(Collected data)
┌──
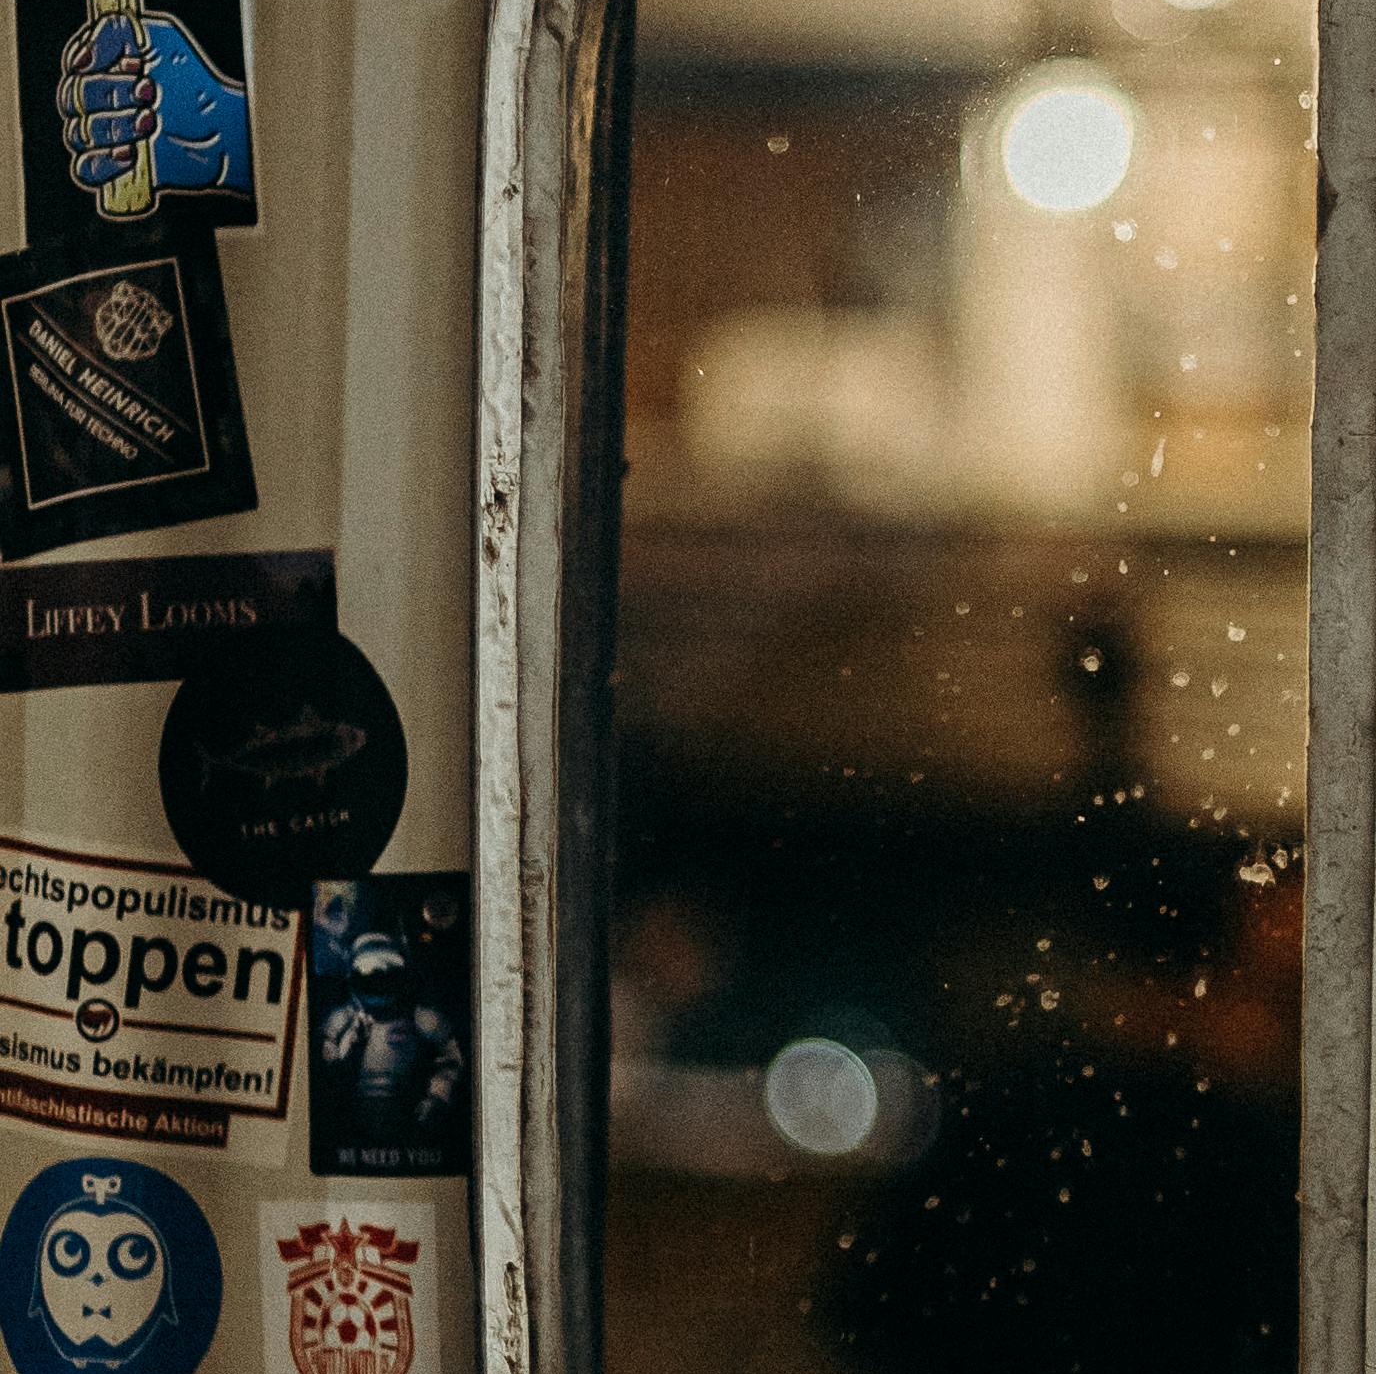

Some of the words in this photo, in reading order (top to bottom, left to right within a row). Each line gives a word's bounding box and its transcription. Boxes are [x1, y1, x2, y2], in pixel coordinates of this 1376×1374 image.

[28, 318, 79, 377] DANIEL
[77, 366, 176, 444] HEINRICH
[4, 898, 286, 1010] toppen
[92, 1048, 275, 1095] bekämpfen!
[153, 1113, 226, 1138] Aktion
└──
• Work task
Every record above must be given again exactly; drop the pictures.

• Task response
Some of the words in this photo, in reading order (top to bottom, left to right within a row). Each line gives a word's bounding box and its transcription. Boxes are [x1, y1, x2, y2], in pixel coordinates of this 1376×1374 image.

[28, 318, 79, 377] DANIEL
[77, 366, 176, 444] HEINRICH
[4, 898, 286, 1010] toppen
[92, 1048, 275, 1095] bekämpfen!
[153, 1113, 226, 1138] Aktion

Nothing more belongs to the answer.